# Would you be mad?



## Tobiwan (Apr 27, 2012)

If you had gotten to a spot and paddled up on top of a bunch mullet/bait getting killed and started fishin then 45 minutes later you have some guys roll up with the engine blowing throwing cast nets? I know I don't own the water but it seems a bit disrespectful and rude to roll up on someone that is trying to be quiet and IS catching fish with your engine blowing and start throwing nets.


----------



## SouthAlabamaSlayer (Oct 13, 2011)

I'd be a bit upset, how close were they to you?


----------



## Tobiwan (Apr 27, 2012)

30 yards roughly


----------



## Realtor (Oct 1, 2007)

here we go again, okay, yeah I would be mad, but I would be happy I had 45 minutes if action too.
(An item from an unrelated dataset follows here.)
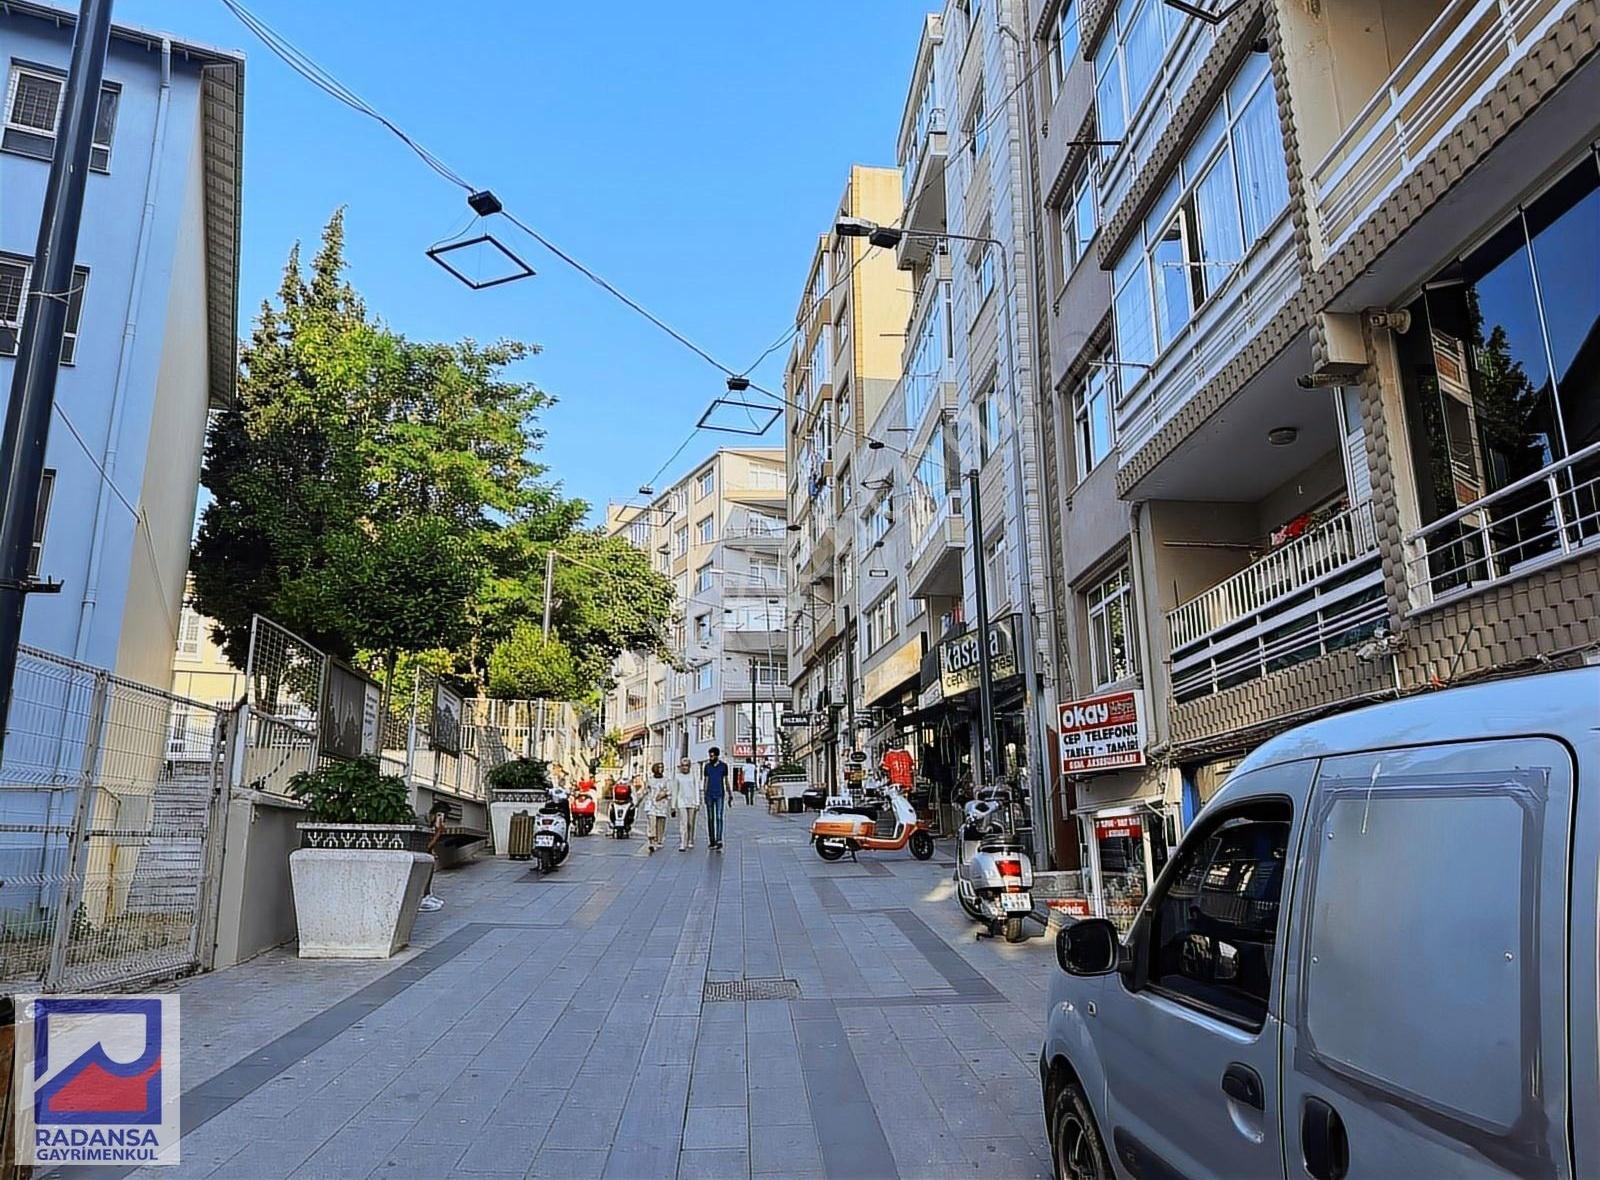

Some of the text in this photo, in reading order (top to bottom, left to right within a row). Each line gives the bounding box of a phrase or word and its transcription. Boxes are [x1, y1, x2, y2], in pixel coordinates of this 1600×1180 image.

here comes the "he had a right to the bait too" and the "if you don't like it, MOVE" stuff. 
sorry, I may have gotten out of the wrong side of the bed today. but, please.


----------



## Tobiwan (Apr 27, 2012)

Well I didn't say anything because in the end nothing would change and it would just be a pissing contest. I just found it a bit rude. I did pick up and run to another spot but damn there is a lot of water out there why wouldn't he just go on to another spot. Why should I be the one to move?


----------



## Realtor (Oct 1, 2007)

welcome to inshore fishing. I have seen (and had) people run with 15-20 feet of me. cut my lines with their props, i mean even off shore I have had people get their anchor line tangled with mine. I guess it's just fishing in the Gulf and bay.
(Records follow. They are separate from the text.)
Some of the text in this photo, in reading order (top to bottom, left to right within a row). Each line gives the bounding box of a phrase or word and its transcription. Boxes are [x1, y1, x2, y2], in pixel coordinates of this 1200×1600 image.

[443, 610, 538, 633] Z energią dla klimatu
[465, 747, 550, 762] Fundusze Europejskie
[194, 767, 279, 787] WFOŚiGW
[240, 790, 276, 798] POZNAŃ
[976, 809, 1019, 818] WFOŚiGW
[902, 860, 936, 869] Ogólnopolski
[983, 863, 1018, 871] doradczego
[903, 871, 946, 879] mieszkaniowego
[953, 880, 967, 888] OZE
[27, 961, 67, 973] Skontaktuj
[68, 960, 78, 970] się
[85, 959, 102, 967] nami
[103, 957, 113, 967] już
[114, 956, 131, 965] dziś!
Someone sees your on a few fish, or bait and they want some action too...... so move on over..... yup, i did get up on the wrong side.....


----------



## beeritself (Nov 25, 2010)

Yes, I would be irritated. People now a days don't have respect. However, I will take time to mention that I went out with Murph (Deeplines) once last year and he was very considerate of other boaters, giving them a wide berth and giving them more than enough room. He had planned on fishing one spot, saw another boater there and headed out another few miles to a different spot.


----------



## Tobiwan (Apr 27, 2012)

I think it wouldn't have bothered me had I been casting nets after mullet but we were trying to catch what was eating them the reds and specs. So we were trying to be quiet.


----------



## johnsonbeachbum (Oct 1, 2007)

Tobiwan said:


> Well I didn't say anything because in the end nothing would change and it would just be a pissing contest. I just found it a bit rude. I did pick up and run to another spot but damn there is a lot of water out there why wouldn't he just go on to another spot. Why should I be the one to move?
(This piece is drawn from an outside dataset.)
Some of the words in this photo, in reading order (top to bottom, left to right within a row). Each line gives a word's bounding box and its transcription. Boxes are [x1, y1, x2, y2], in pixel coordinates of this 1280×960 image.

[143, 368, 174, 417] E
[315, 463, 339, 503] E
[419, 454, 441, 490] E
These types have done what they did to you, to others. So many times now that they think it is the way to do it. They do not get scolded or told to *&%$off and so they do it again.


----------



## jcoss15 (Oct 11, 2010)

IMO there is no excuse for pulling up right on top of someone who is fishing a certain area (within reason)...find another spot and come back later to that spot if you really want to fish there. First come first serve...


----------



## Flatspro (Oct 3, 2007)

One thing that I have learned over the years is if your fishing big schools of mullet in escambia bay. The mullet fisherman are not far away. I don't like it however they are just trying to make a living and not ruining you morning for fun. On the other hand if it's a big fancy bay boat and not a mullet fisherman I would be upset. Try to stay more in the sound there are a lot less mullet guys over there.


----------



## Tobiwan (Apr 27, 2012)

This was on the bayside of Ft Pickens


----------



## Flatspro (Oct 3, 2007)

That area will get worse than any here soon. That is where all the mullet show up this time of year and the yellow row mullet. Those are the big money fish. The yellow row mullet are the holy grail to mullet fisherman they will chase them around the pass and fort Pickens all fall.


----------



## submariner (Oct 2, 2007)

So if you are a commerical mullet fisherman it is OK but if you are out having fun it's not. Yea I understand now


----------



## Tobiwan (Apr 27, 2012)

I don't think these guys were commercial guys. They were in what appeared to be a flat bottom 18 foot or so Carolina skiff with a t-top. I guess they could have been though idk.


----------



## drifterfisher (Oct 9, 2009)

Next time they show up and booger it up for you make sure to cut a couple doughnuts when ya leave. I always make a wide berth of anyone fishing,but if you pull right up beside me I will crank up and make all kinds of racket leaving.


----------



## Tobiwan (Apr 27, 2012)

drifterfisher said:


> Next time they show up and booger it up for you make sure to cut a couple doughnuts when ya leave. I always make a wide berth of anyone fishing,but if you pull right up beside me I will crank up and make all kinds of racket leaving.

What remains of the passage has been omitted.